Goal of the exercise >> Please copy every record below exactly, but leave the pictures out.

[Start of section]

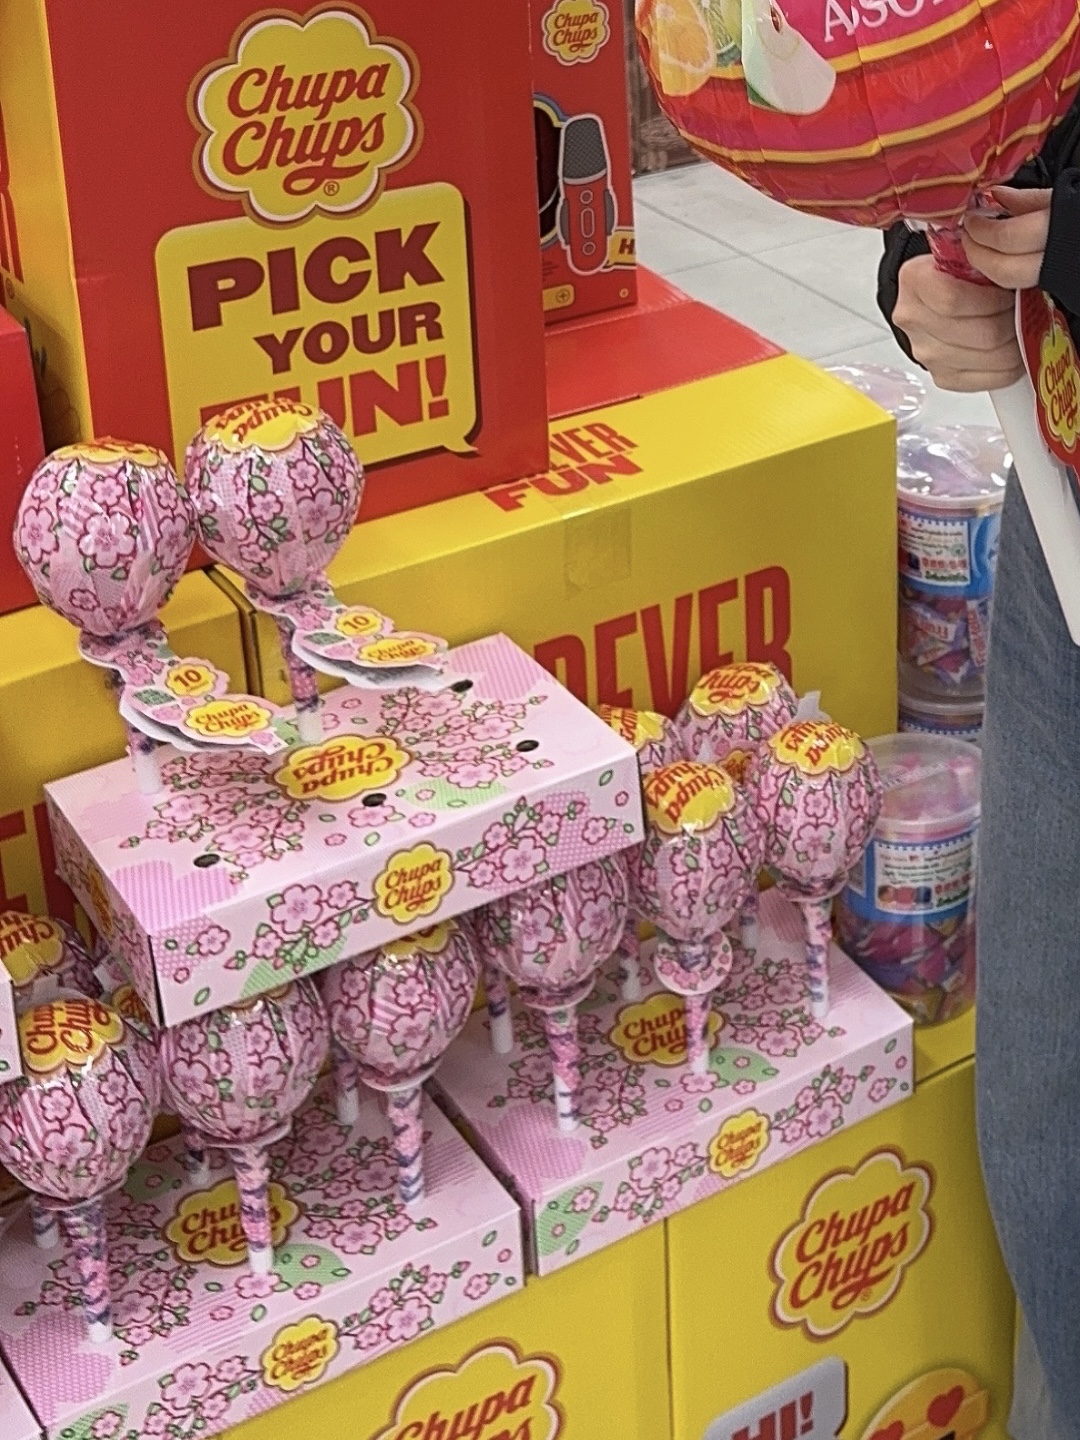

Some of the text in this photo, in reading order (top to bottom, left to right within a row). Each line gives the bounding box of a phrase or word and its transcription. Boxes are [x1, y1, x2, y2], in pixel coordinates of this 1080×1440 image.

[552, 28, 599, 53] Chups
[553, 12, 599, 32] Chupa
[227, 62, 390, 120] Chupa
[222, 112, 388, 196] Chups
[187, 221, 444, 332] PICK
[253, 301, 444, 375] YOUR
[1045, 345, 1071, 395] Chupa
[1050, 372, 1078, 430] Chups
[483, 453, 644, 512] FUN
[343, 614, 370, 631] 10
[366, 639, 416, 659] Chupa
[174, 669, 202, 688] 10
[195, 702, 249, 725] Chupa
[291, 741, 388, 782] Chups
[300, 754, 395, 796] Chupa
[384, 876, 442, 913] Chups
[385, 858, 443, 890] Chupa
[623, 1009, 686, 1041] Chup
[795, 1181, 916, 1263] Chupa
[789, 1221, 911, 1310] Chups
[273, 1327, 329, 1360] Chupa
[731, 1390, 815, 1440] HI!

[End of section]

Worked solution >>
Some of the text in this photo, in reading order (top to bottom, left to right within a row). Each line gives the bounding box of a phrase or word and its transcription. Boxes are [x1, y1, x2, y2], in pixel coordinates of this 1080×1440 image.

[552, 28, 599, 53] Chups
[553, 12, 599, 32] Chupa
[227, 62, 390, 120] Chupa
[222, 112, 388, 196] Chups
[187, 221, 444, 332] PICK
[253, 301, 444, 375] YOUR
[1045, 345, 1071, 395] Chupa
[1050, 372, 1078, 430] Chups
[483, 453, 644, 512] FUN
[343, 614, 370, 631] 10
[366, 639, 416, 659] Chupa
[174, 669, 202, 688] 10
[195, 702, 249, 725] Chupa
[291, 741, 388, 782] Chups
[300, 754, 395, 796] Chupa
[384, 876, 442, 913] Chups
[385, 858, 443, 890] Chupa
[623, 1009, 686, 1041] Chup
[795, 1181, 916, 1263] Chupa
[789, 1221, 911, 1310] Chups
[273, 1327, 329, 1360] Chupa
[731, 1390, 815, 1440] HI!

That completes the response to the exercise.